We proceeded on down the byway and came to the town of John Day itself, an old cattle town surrounded by cattle farms. Apparently once upon a time the herds would be driven right down the main street. The other interesting feature in town was a museum and monument to the Chinese workers who lived there in the 1880s building the railroad. The building had been a post office, pharmacy, general store and doctor’s surgery to the community.
The road continued flanked by cattle farms for miles. Then we turned onto Rt. 7 and the landscape changed again as the trees started to come back. We stopped at a viewpoint looking toward the Strawberry mountains where there was a large recreation of a pioneer wagon. We passed relics of the lumber industry and then as we approached Sumpter, gold mining with gold rush towns, some of them ghost towns now. Sumpter has a massive dredge still visible as a monument and the Powder river has piles of spoil all along the banks leading into and out of town for miles. We had seen scenery like this along the gold rush rivers of the Rockies.



Eventually we came down into the so called Queen of the Gold Rush, Baker City. A place also with strong Oregon Trail links. And suddenly there was smoke in the air again. A wildfire somewhere to the south. Baker City is an absolute marvel of Victoriana with a wonderful long Main Street complete with an historic hotel, The Geisler. We plan to explore a little tomorrow.
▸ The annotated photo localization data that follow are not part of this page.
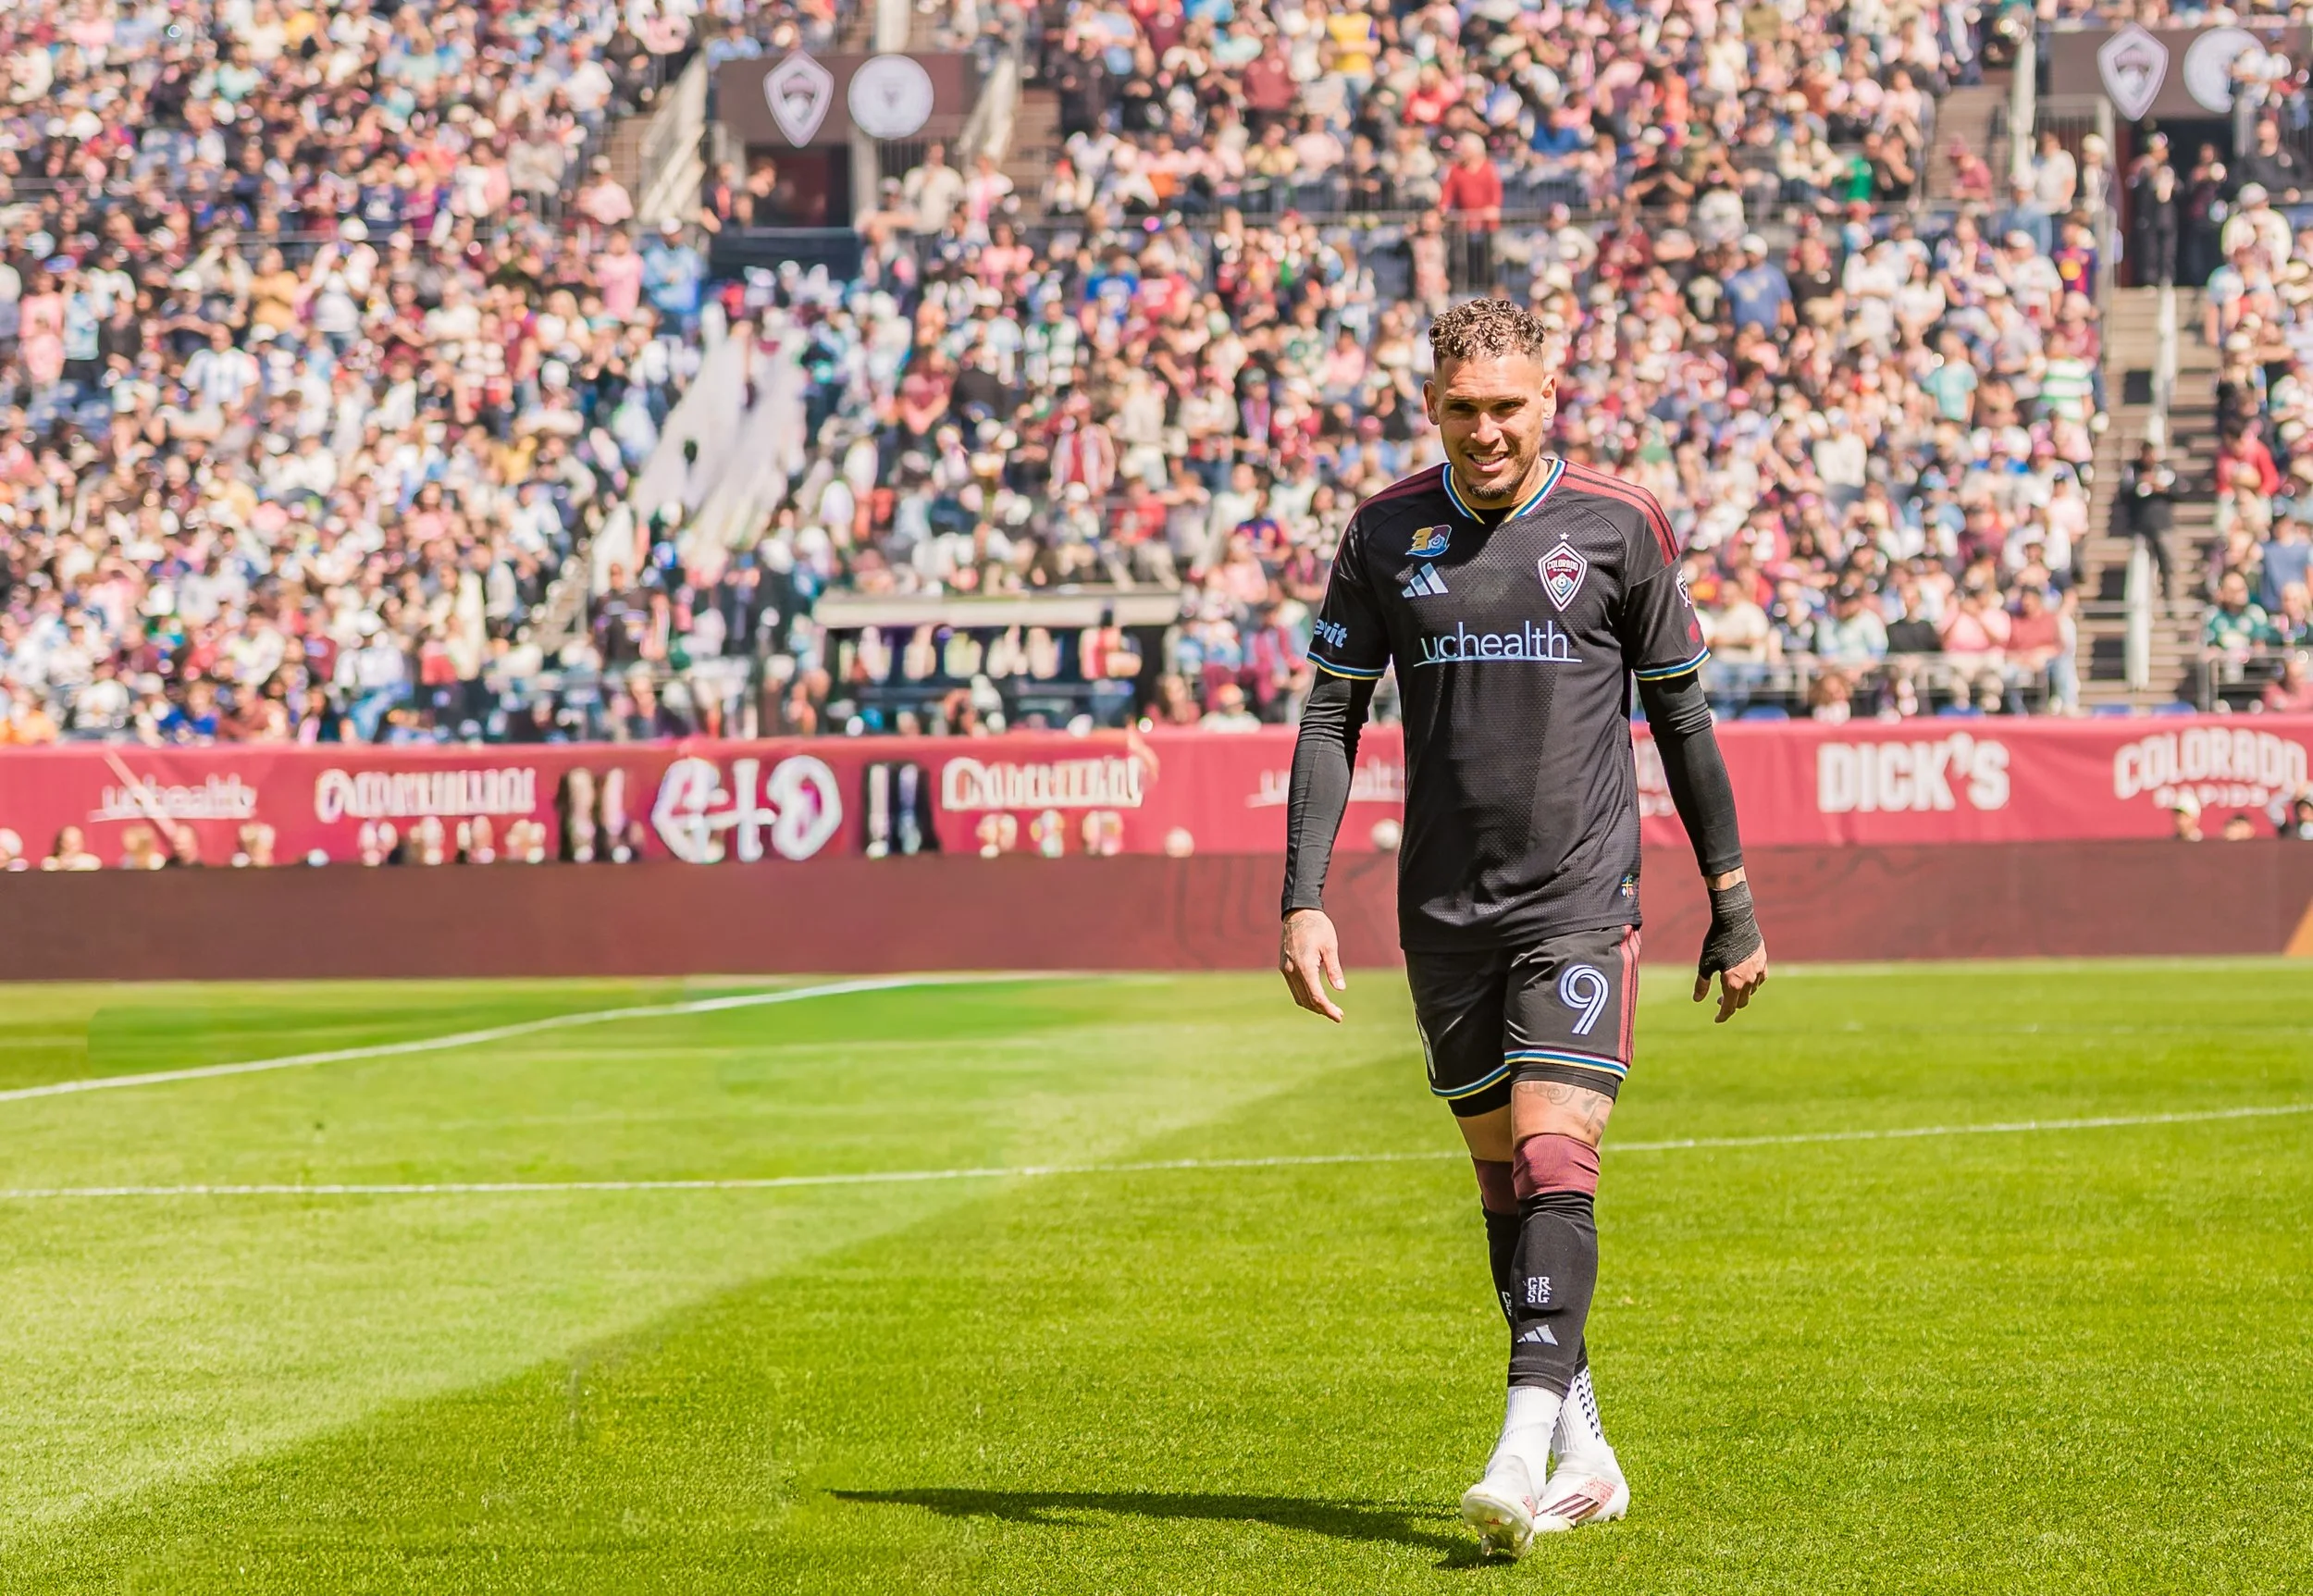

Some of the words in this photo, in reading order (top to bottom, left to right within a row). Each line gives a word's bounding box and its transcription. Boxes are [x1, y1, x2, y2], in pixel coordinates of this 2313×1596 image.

[1416, 620, 1573, 662] uchealth
[1816, 730, 2011, 814] DICK'S
[2114, 726, 2307, 800] COLORADO
[1559, 964, 1610, 1036] 9
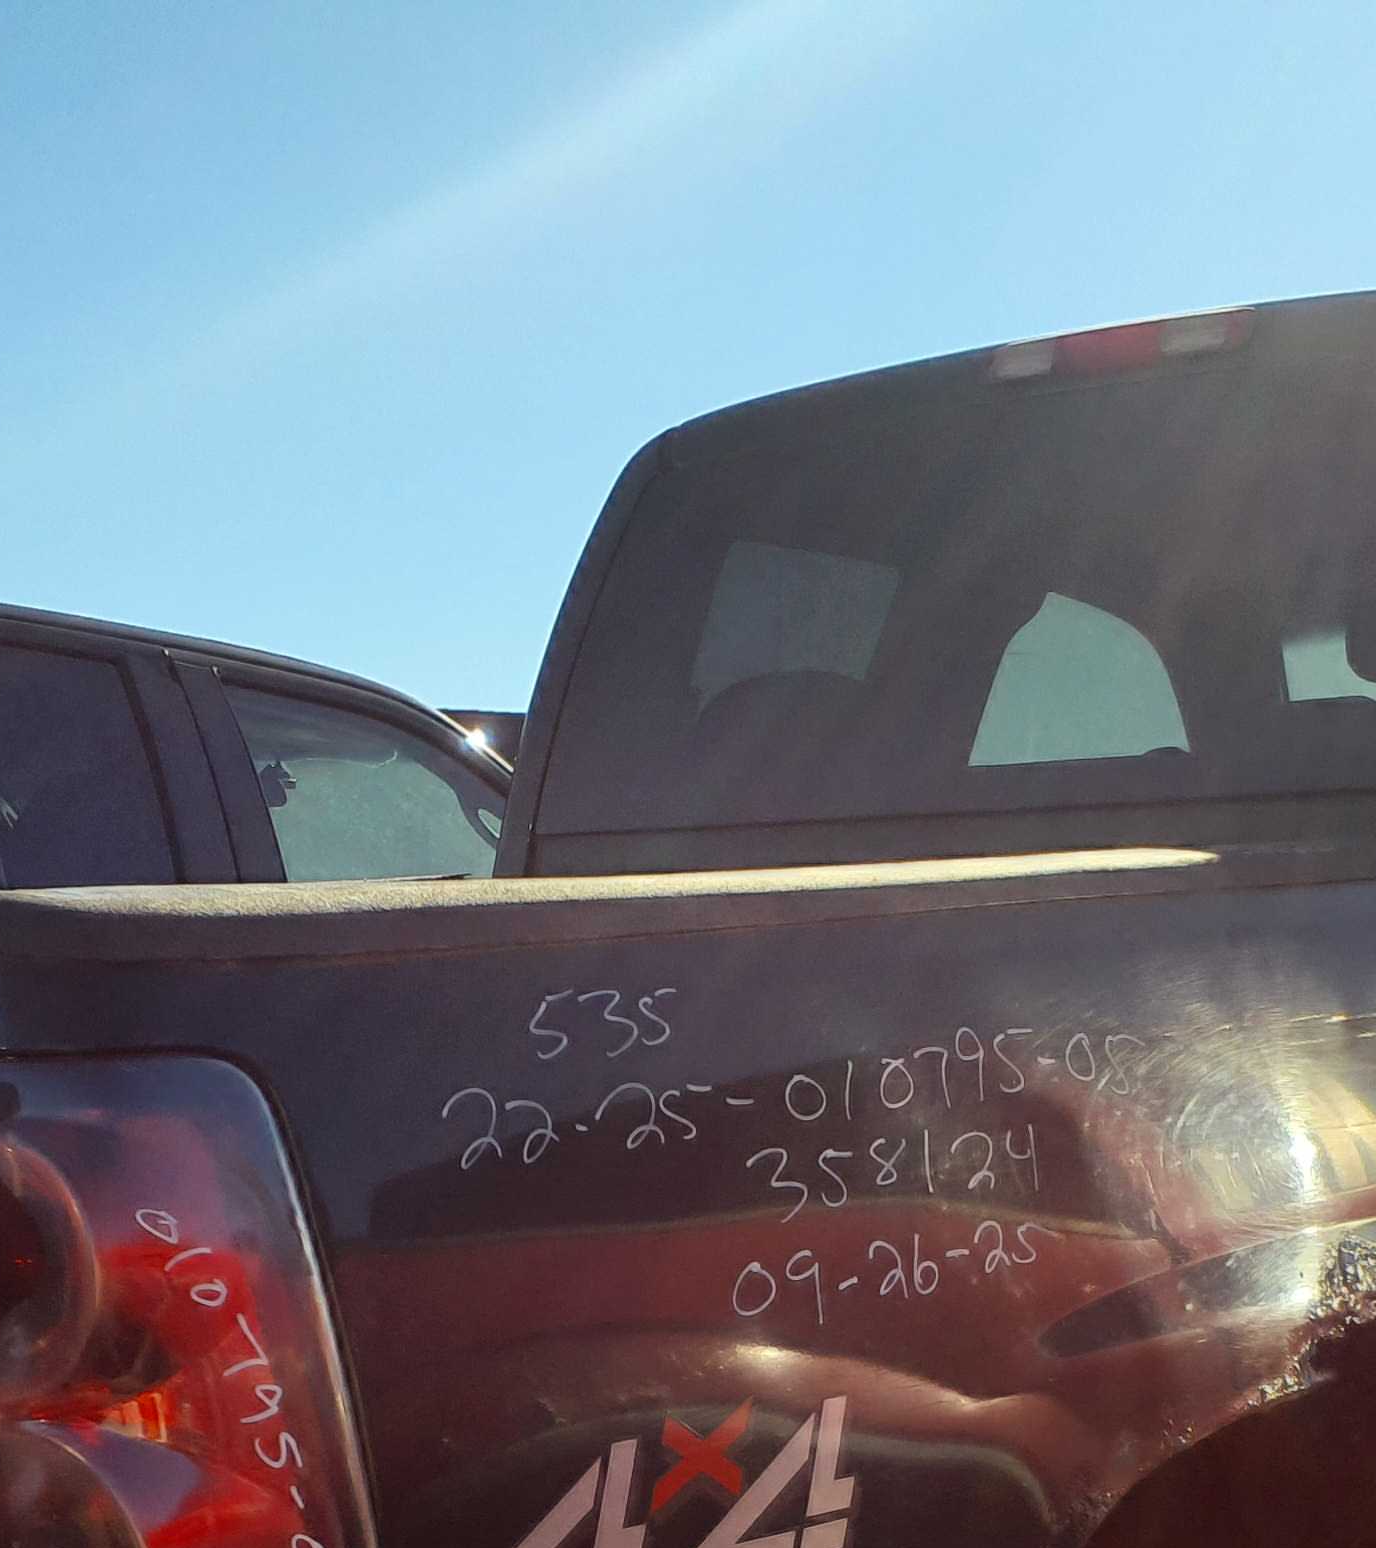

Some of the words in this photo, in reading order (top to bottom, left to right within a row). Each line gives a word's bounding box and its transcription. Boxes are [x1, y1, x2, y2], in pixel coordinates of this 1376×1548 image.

[527, 987, 677, 1060] 535
[747, 1124, 1040, 1223] 358124
[732, 1219, 1054, 1325] 09-26-25
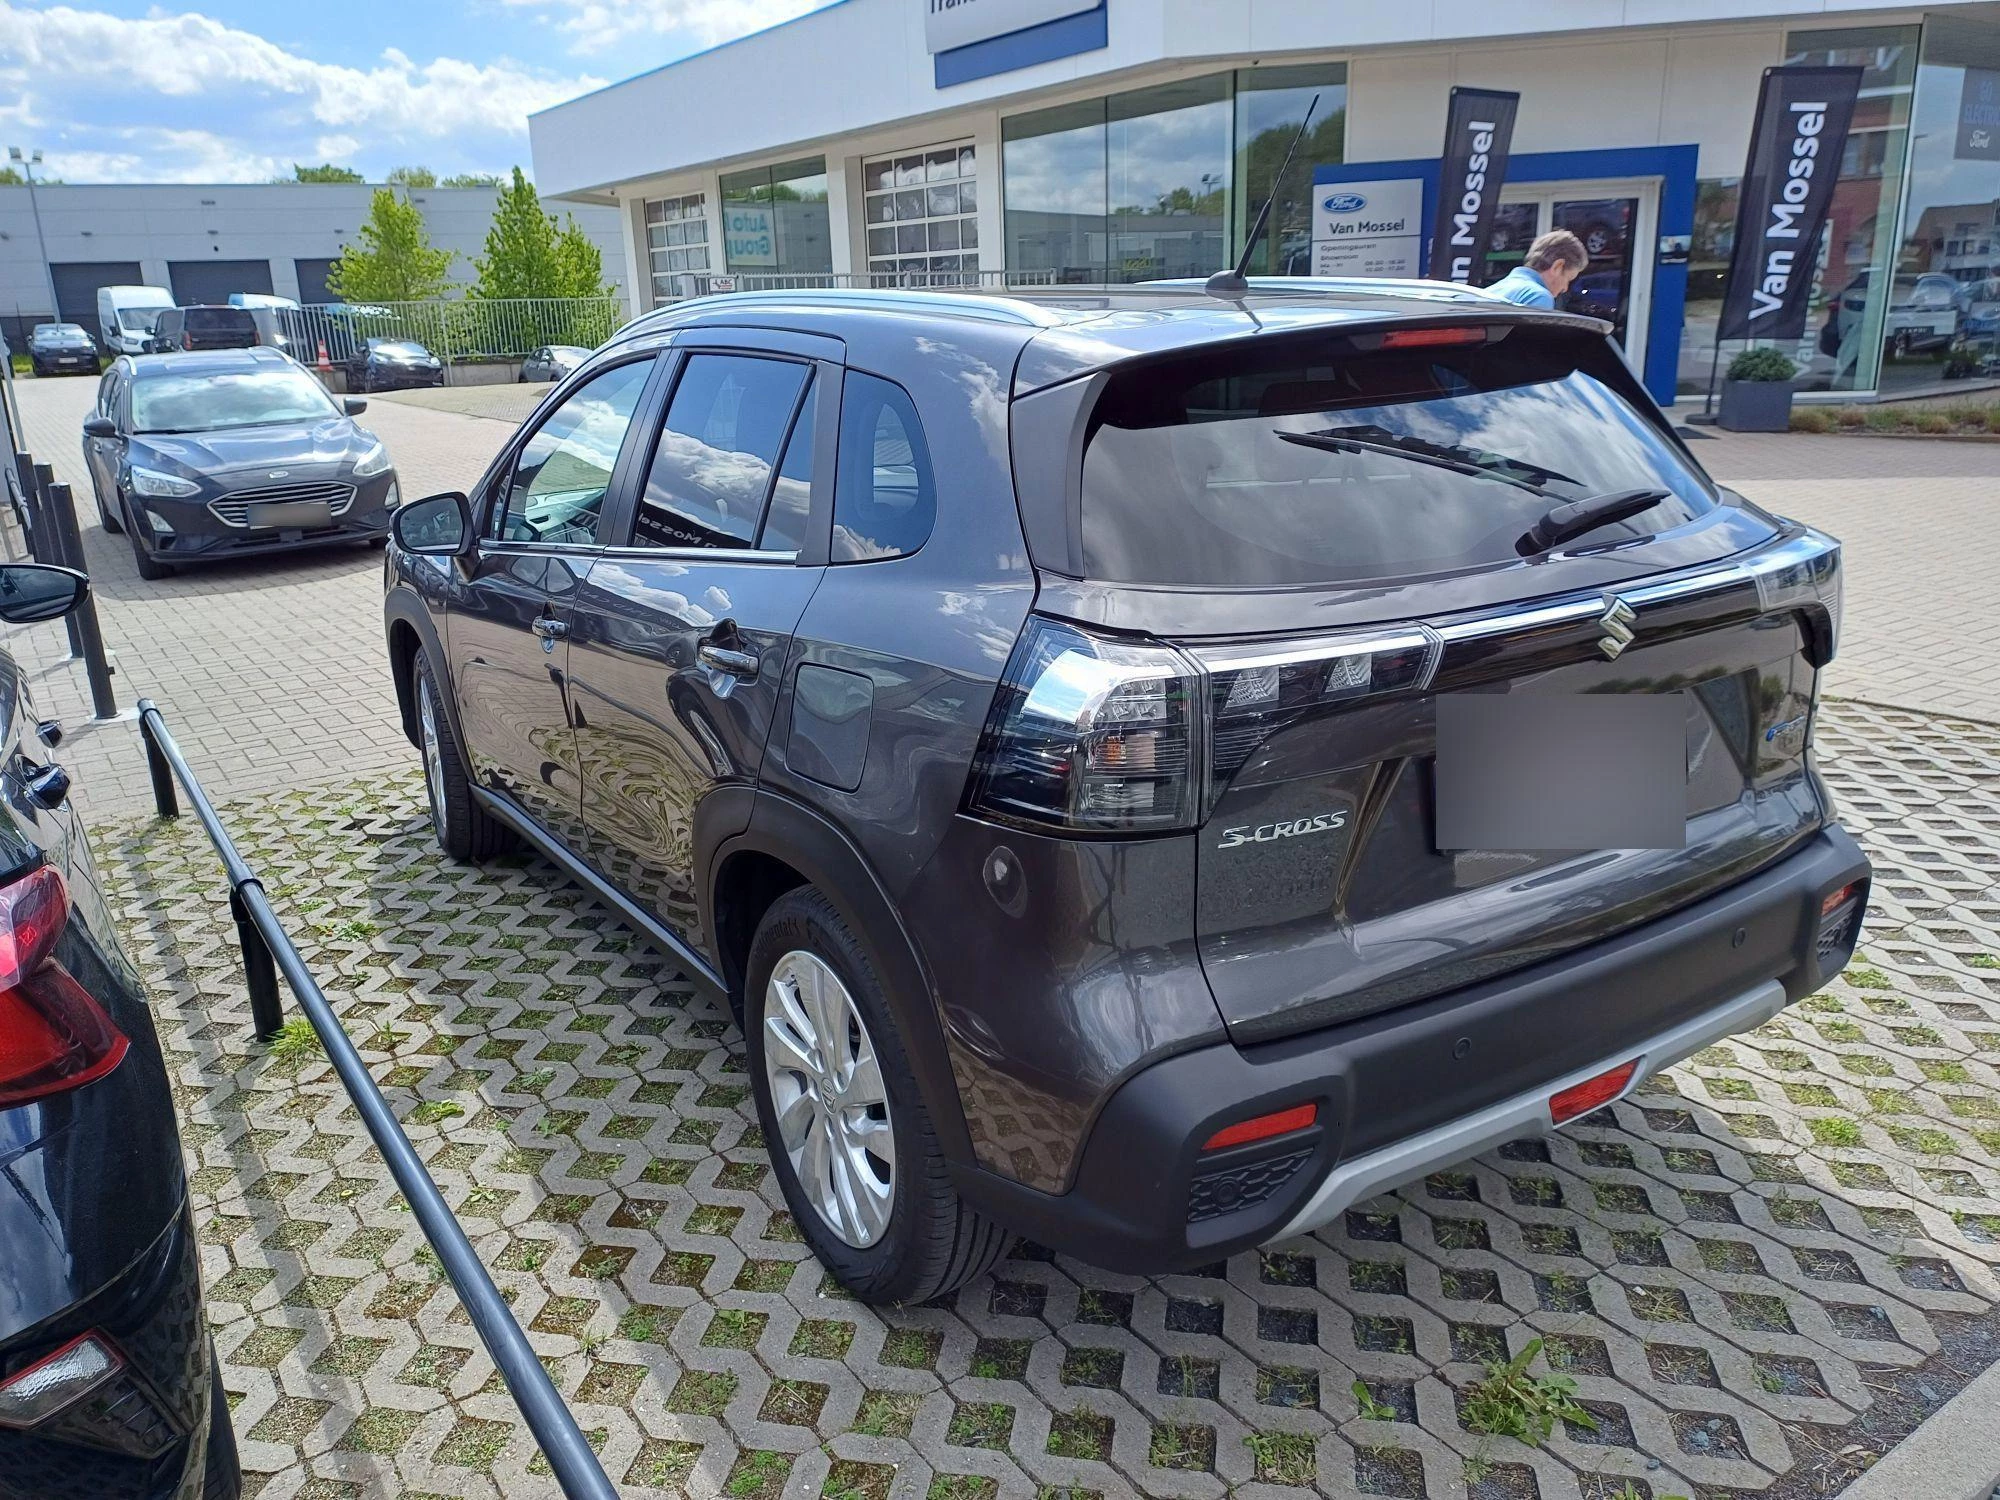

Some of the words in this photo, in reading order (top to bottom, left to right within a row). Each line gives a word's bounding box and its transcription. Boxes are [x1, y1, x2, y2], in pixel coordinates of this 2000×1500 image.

Checked into our motel and later headed out to dinner at the Oregon Trail Restaurant. A proper old diner with a great local reputation. It was packed. A good sign. We both went for the prime rib dinner. It came with a salad bar and then the prime rib which was served with carrots, potato, jus, dinner roll, etc. It beat me. I did eat all the prime rib though. Very good value. We think we’ll go back for breakfast in the morning and make it a sort of brunch…..
A very good day. A lovely route with incredible scenery and very easy driving. The road was good and pretty empty really. A real pleasure to drive.